• _Task to carry out_
Your copy should match the listing below word for word, with no images in it.

• _Given records_
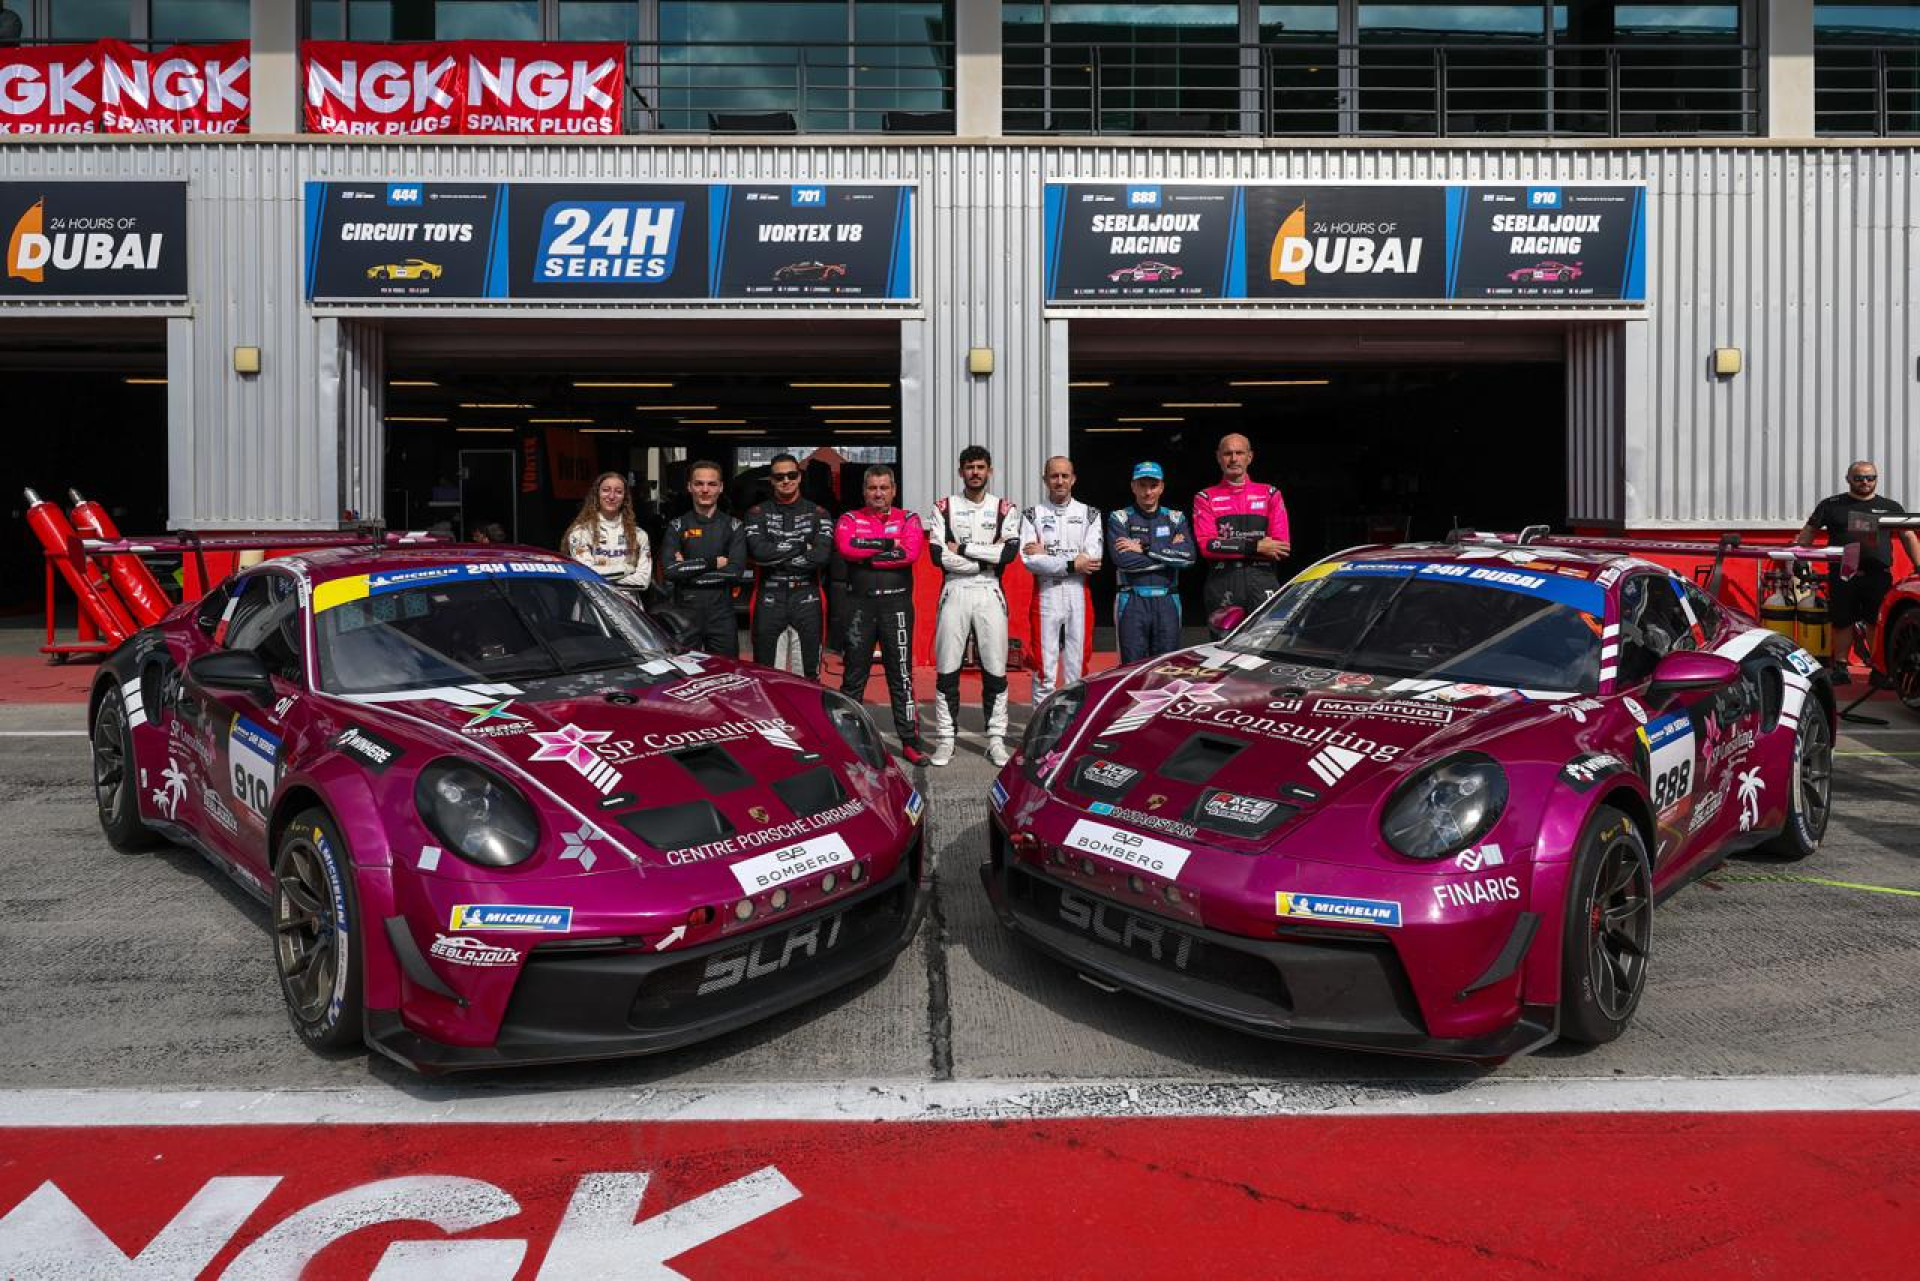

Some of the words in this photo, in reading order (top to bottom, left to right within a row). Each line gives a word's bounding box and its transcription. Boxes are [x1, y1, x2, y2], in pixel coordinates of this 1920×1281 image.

[102, 53, 250, 113] NGK
[308, 55, 456, 114] NGK
[467, 54, 617, 111] NGK
[318, 114, 379, 136] PARK
[385, 115, 452, 136] PLUGS
[467, 114, 535, 133] SPARK
[540, 116, 613, 134] PLUGS
[392, 189, 419, 201] 444
[796, 190, 821, 204] 701
[1533, 191, 1557, 205] 910
[50, 218, 65, 229] 24
[69, 218, 115, 229] HOURS
[117, 218, 137, 229] OF
[341, 223, 420, 242] CIRCUIT
[423, 223, 474, 242] TOYS
[548, 208, 676, 256] 24H
[1091, 213, 1202, 232] SEBLAJOUX
[1313, 222, 1328, 235] 24
[1331, 222, 1372, 235] HOURS
[1375, 222, 1398, 235] OF
[1491, 214, 1602, 233] SEBLAJOUX
[758, 224, 831, 243] VORTEX
[837, 224, 863, 243] V8
[16, 233, 163, 271] DUBAI
[1110, 236, 1183, 255] RACING
[1279, 236, 1423, 274] DUBAI
[1510, 236, 1583, 255] RACING
[544, 257, 666, 278] SERIES
[390, 568, 459, 582] MICHELIN
[466, 562, 507, 575] 24H
[509, 562, 568, 575] DUBAI
[1419, 563, 1471, 577] 24H
[1467, 567, 1547, 590] DUBAI
[1322, 701, 1445, 719] MAGNITUDE
[595, 739, 635, 762] SP
[643, 717, 796, 749] Consulting
[1166, 701, 1213, 717] SP
[1213, 708, 1405, 763] Consulting
[234, 762, 270, 819] 910
[1654, 758, 1692, 809] 888
[666, 838, 739, 867] CENTRE
[738, 818, 811, 852] PORSCHE
[808, 798, 866, 830] LORRAINE
[1077, 836, 1165, 872] BOMBERG
[756, 850, 842, 888] BOMBERG
[1433, 875, 1521, 910] FINARIS
[485, 912, 562, 926] MICHELIN
[1313, 902, 1392, 919] MICHELIN
[429, 943, 523, 963] SEBLAJOUX
[0, 1164, 804, 1281] NGK

• _Solution to this task_
Some of the words in this photo, in reading order (top to bottom, left to right within a row). Each line gives a word's bounding box and its transcription. Boxes are [x1, y1, x2, y2], in pixel coordinates of this 1920×1281 image.

[102, 53, 250, 113] NGK
[308, 55, 456, 114] NGK
[467, 54, 617, 111] NGK
[318, 114, 379, 136] PARK
[385, 115, 452, 136] PLUGS
[467, 114, 535, 133] SPARK
[540, 116, 613, 134] PLUGS
[392, 189, 419, 201] 444
[796, 190, 821, 204] 701
[1533, 191, 1557, 205] 910
[50, 218, 65, 229] 24
[69, 218, 115, 229] HOURS
[117, 218, 137, 229] OF
[341, 223, 420, 242] CIRCUIT
[423, 223, 474, 242] TOYS
[548, 208, 676, 256] 24H
[1091, 213, 1202, 232] SEBLAJOUX
[1313, 222, 1328, 235] 24
[1331, 222, 1372, 235] HOURS
[1375, 222, 1398, 235] OF
[1491, 214, 1602, 233] SEBLAJOUX
[758, 224, 831, 243] VORTEX
[837, 224, 863, 243] V8
[16, 233, 163, 271] DUBAI
[1110, 236, 1183, 255] RACING
[1279, 236, 1423, 274] DUBAI
[1510, 236, 1583, 255] RACING
[544, 257, 666, 278] SERIES
[390, 568, 459, 582] MICHELIN
[466, 562, 507, 575] 24H
[509, 562, 568, 575] DUBAI
[1419, 563, 1471, 577] 24H
[1467, 567, 1547, 590] DUBAI
[1322, 701, 1445, 719] MAGNITUDE
[595, 739, 635, 762] SP
[643, 717, 796, 749] Consulting
[1166, 701, 1213, 717] SP
[1213, 708, 1405, 763] Consulting
[234, 762, 270, 819] 910
[1654, 758, 1692, 809] 888
[666, 838, 739, 867] CENTRE
[738, 818, 811, 852] PORSCHE
[808, 798, 866, 830] LORRAINE
[1077, 836, 1165, 872] BOMBERG
[756, 850, 842, 888] BOMBERG
[1433, 875, 1521, 910] FINARIS
[485, 912, 562, 926] MICHELIN
[1313, 902, 1392, 919] MICHELIN
[429, 943, 523, 963] SEBLAJOUX
[0, 1164, 804, 1281] NGK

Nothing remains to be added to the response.